The wage threshold will increase to $117,000 next year, the Social Security Administration said. Wages above the threshold are not subject to Social Security taxes.
About 165 million workers pay Social Security taxes. About 10 million earn wages above the threshold, the agency said.
By law, the cost-of-living adjustment is based on the consumer price index for urban wage earners and clerical workers, a broad measure of consumer prices generated by the Bureau of Labor Statistics. It measures price changes for food, housing, clothing, transportation, energy, medical care, recreation and education.
The COLA is calculated by comparing consumer prices in July, August and September each year with prices in the same three months from the previous year. If prices go up over the course of the year, benefits go up, starting with payments delivered in January.

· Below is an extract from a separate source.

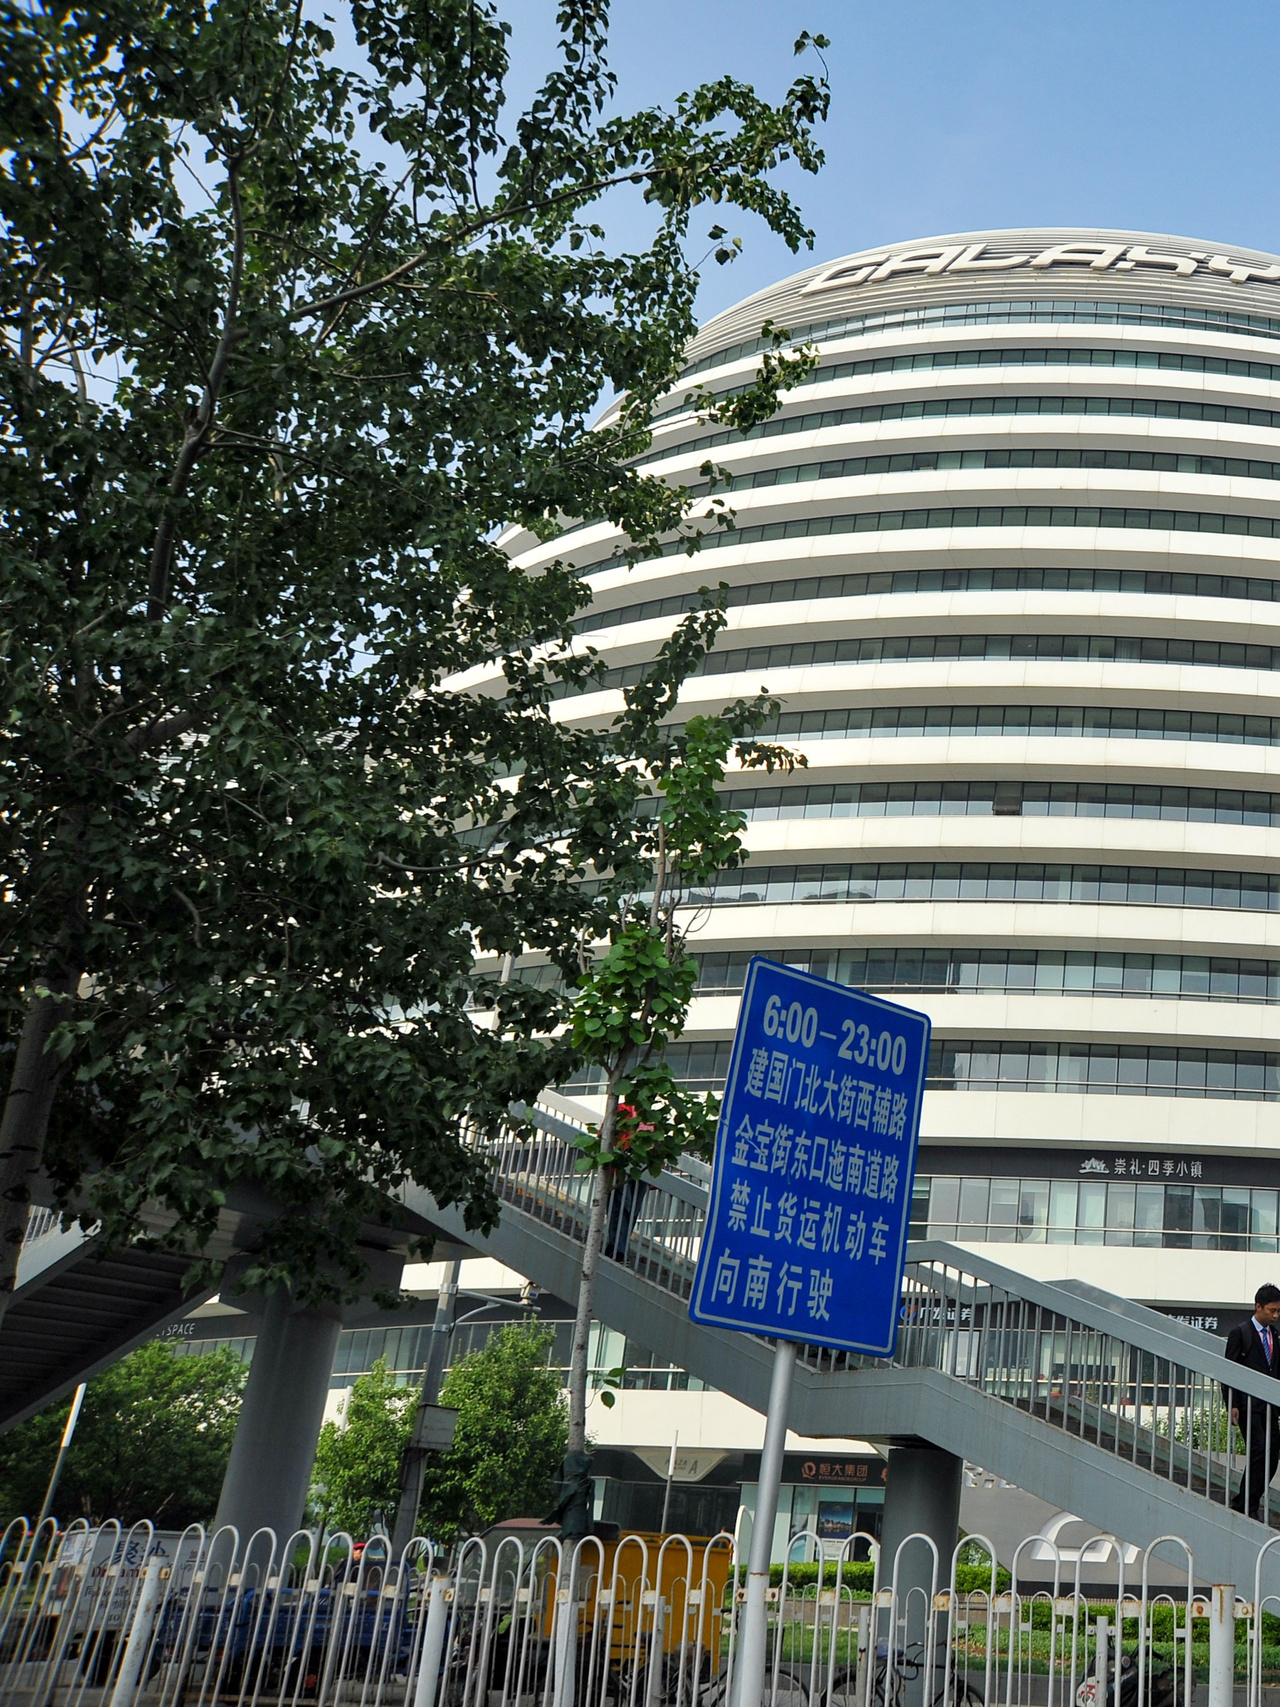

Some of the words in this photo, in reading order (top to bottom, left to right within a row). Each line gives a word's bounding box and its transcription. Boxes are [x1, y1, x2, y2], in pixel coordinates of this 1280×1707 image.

Since 1975, annual Social Security raises have averaged just over 4 percent. Next year will mark only the seventh time the COLA has been less than 2 percent. This year's increase was 1.7 percent. There was no COLA in 2010 or 2011 because inflation was too low.
"By providing protection against inflation, the COLA helps beneficiaries of all ages maintain their standard of living, keeping many from falling into poverty," said AARP executive vice president Nancy LeaMond. "The COLA announced today is vital to millions, but at an average of just $19 per month, it will quickly be consumed by the rising costs of basic needs like food, utilities and health care."
Lower prices for gasoline are helping keep inflation low. The average price of a gallon of regular gasoline has dropped over the past year from $3.53 to about $3.28, according to the automotive club AAA.